Lundi, Saint Cessez-le feu 1er, mardi, Saint Cessez-le feu Second, etc. Dans la presse en délire, le barème est le suivant :
Pas de violation notable du cessez-le-feu, au-dessous de dix mille obus ou roquettes échangés,
Violation légère, de dix mille jusqu’à trente mille,
Grave violation entraînant le réveil téléphonique de Habib, à partir de trente mille et au dessus.

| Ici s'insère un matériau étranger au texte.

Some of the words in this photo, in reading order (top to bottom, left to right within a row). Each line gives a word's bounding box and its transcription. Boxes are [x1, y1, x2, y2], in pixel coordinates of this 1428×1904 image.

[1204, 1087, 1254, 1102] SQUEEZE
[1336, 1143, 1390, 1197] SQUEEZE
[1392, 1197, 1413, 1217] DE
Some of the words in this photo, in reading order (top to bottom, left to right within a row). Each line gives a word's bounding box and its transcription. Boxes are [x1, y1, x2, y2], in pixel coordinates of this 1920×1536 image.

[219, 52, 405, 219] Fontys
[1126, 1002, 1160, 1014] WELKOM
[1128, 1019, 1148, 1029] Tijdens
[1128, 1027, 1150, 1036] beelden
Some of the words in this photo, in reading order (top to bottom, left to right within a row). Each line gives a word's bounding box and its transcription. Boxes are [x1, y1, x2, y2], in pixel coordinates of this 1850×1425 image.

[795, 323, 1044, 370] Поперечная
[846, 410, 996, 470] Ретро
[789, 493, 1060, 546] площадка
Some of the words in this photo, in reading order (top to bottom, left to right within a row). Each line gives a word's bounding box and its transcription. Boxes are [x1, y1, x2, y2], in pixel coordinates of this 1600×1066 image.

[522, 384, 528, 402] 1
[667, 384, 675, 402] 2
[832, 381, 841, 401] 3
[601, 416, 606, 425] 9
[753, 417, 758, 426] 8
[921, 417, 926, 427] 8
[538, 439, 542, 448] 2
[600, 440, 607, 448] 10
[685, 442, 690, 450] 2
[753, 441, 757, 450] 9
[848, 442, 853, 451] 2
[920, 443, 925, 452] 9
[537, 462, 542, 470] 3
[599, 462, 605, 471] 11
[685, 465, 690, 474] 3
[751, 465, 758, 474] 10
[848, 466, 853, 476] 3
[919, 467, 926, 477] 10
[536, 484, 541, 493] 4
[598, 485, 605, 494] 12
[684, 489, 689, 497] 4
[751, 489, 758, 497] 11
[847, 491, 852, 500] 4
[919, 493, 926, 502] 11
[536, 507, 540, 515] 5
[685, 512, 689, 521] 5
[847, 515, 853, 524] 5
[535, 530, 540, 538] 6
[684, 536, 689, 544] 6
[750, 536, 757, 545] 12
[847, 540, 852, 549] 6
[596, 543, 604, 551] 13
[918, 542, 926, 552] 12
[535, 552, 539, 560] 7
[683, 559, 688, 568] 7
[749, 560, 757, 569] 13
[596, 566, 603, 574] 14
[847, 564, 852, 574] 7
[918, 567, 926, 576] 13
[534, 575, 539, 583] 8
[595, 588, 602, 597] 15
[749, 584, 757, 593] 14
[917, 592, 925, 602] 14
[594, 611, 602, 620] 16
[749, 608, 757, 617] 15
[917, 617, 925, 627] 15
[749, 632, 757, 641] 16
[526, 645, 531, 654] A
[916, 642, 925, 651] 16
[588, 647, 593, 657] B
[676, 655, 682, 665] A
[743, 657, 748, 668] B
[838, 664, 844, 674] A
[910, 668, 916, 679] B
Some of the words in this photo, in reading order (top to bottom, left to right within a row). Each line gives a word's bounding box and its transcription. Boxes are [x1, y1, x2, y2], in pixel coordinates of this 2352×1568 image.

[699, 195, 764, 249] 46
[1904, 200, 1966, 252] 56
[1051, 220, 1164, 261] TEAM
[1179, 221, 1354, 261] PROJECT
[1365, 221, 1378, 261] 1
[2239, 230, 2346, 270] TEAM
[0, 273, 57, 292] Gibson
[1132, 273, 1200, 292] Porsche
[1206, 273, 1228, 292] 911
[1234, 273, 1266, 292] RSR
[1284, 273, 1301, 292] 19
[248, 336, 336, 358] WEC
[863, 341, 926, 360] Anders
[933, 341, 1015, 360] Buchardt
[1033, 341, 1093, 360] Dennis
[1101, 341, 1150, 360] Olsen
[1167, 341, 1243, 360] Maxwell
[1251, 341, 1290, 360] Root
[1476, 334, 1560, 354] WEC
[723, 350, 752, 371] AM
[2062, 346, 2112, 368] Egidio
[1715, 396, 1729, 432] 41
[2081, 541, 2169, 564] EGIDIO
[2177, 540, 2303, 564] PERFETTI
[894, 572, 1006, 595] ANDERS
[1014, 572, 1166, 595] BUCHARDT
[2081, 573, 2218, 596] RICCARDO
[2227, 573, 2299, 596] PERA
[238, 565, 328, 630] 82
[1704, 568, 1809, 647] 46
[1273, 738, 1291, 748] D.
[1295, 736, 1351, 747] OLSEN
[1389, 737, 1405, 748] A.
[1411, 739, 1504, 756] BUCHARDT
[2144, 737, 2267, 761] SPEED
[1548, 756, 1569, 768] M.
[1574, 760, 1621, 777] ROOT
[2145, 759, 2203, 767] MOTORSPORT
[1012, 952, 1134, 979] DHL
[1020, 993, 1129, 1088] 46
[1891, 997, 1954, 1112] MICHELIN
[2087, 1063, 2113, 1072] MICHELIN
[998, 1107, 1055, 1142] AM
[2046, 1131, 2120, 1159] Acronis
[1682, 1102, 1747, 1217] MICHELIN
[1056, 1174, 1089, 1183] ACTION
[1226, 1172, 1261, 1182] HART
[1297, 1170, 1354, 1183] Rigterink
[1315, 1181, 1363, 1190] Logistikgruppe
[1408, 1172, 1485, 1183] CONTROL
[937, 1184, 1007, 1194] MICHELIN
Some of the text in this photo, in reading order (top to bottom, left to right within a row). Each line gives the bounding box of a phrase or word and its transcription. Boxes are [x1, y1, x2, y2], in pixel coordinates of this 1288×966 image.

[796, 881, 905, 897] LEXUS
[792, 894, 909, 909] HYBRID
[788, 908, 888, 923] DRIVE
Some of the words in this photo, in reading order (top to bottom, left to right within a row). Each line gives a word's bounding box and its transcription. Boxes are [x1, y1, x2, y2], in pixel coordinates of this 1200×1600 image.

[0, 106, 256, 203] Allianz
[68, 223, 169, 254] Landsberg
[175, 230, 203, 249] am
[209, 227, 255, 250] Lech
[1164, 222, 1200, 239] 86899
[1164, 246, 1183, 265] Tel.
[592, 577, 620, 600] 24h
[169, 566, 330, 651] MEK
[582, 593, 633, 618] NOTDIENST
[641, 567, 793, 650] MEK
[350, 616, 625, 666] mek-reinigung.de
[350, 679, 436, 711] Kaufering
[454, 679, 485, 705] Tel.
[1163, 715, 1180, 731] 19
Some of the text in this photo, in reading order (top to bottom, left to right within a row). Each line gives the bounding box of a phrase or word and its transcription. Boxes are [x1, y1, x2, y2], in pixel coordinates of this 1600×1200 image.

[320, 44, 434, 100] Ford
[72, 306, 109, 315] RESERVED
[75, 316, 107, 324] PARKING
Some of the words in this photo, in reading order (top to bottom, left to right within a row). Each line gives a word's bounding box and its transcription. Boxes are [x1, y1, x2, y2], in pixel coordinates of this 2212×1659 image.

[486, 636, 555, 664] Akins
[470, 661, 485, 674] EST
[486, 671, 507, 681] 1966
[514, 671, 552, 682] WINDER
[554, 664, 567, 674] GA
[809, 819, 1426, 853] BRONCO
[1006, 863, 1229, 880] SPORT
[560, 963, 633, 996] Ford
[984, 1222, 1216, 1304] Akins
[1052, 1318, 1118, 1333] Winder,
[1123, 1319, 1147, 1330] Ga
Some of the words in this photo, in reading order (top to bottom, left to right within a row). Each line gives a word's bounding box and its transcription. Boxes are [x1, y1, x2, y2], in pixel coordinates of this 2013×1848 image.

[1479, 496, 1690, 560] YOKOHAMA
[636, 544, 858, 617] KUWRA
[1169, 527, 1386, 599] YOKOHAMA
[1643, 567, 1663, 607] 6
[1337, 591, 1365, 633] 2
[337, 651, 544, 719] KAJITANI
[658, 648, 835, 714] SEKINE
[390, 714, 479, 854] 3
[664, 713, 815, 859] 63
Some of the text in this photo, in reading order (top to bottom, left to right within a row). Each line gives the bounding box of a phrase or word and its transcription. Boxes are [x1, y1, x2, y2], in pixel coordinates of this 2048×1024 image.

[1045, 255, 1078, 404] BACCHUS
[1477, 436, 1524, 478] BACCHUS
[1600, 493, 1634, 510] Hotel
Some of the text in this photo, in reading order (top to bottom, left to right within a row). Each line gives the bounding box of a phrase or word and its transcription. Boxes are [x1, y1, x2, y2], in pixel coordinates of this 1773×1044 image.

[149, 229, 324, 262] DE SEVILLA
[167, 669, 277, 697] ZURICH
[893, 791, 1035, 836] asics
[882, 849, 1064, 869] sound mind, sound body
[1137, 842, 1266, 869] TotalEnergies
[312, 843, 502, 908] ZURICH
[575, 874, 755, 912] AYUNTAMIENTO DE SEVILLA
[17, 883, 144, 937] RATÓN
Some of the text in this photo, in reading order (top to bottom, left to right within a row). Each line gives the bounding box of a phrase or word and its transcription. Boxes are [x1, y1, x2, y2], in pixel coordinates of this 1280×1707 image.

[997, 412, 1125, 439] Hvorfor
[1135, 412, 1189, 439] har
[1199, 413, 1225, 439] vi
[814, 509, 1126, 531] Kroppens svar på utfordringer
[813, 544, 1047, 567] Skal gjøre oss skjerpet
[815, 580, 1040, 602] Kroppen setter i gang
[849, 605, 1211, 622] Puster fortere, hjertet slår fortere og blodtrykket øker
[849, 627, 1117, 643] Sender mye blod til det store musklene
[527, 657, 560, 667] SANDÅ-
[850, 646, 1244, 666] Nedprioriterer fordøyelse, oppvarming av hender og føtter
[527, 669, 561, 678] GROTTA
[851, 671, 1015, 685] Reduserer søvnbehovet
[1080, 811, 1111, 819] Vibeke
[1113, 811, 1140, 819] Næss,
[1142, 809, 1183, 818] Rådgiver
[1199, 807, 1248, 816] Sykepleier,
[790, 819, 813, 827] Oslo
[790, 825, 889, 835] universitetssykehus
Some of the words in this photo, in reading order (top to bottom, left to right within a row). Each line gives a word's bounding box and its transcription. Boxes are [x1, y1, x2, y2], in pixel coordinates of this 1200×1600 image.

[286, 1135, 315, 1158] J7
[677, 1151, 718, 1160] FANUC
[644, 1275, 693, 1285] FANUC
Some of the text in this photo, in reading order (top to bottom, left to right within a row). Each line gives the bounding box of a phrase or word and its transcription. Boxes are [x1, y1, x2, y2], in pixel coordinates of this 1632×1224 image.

La violation du huitième dernier cessez-le-feu en cette fin de nuit semble juste un baptême. J’ai la chance de me trouver au-dessous et au centre de la parcelle visée, c’est une distraction inespérée. L’immeuble danse la java et les gardes sont obligés de se tenir au robinet des chiottes pour pisser, c’est assez drôle. Pendant ce temps, il ne viennent pas nous tourmenter. On entend parfaitement les craaaac, crâââââmmm des roquettes au phosphore, suivi des crank plus secs des bombes au napalm, entrecoupés des bzzzzzz…paf des roquettes Crotale, don du ciel vendu par la France un lendemain de 14 juillet, puis les pôôô^, pôôôô^ des dernières katiouchkas, vestiges des stocks palestiniens et les poum, poum, poum des 37 anti-aériens, suivis des toum, toum, toum des mitrailleuses de 14,5 venues du Nord et un grand crââââc annonçant, sans rémission, la disparition de deux étages de l’immeuble sous lequel nous villégiaturons ! Puis c’est le silence. On n’en parlera même pas demain dans les journaux, d’abord parce seulement neuf mille neuf cents roquettes ont été échangées et parce que l’épisode n’a duré qu’un quart d’heure, soit trop peu de temps pour troubler sérieusement le sommeil de monsieur Habib.
– Tetla !
Déjà le petit déjeuner ? Faux espoir, ce n’est que la cellule d’à côté. Par le judas entrouvert, je vois six gardes, ahuris par le bombardement, vacillants sur leurs cannes, faire sortir de leur réduit, à coups de pioche, deux Libanais maronites. Les gardes évacuent leur peur sur les pauvres bougres qui prennent des coups sur et entre les jambes, sur le dos, sur la tête. Ces gardes qui se parent du titre ronflant de commandos palestiniens, les avaient à zéro pendant l’alerte. J’apprends au fil des jours qu’ils ne sont là que parce qu’ils ont été jugés inaptes au combat.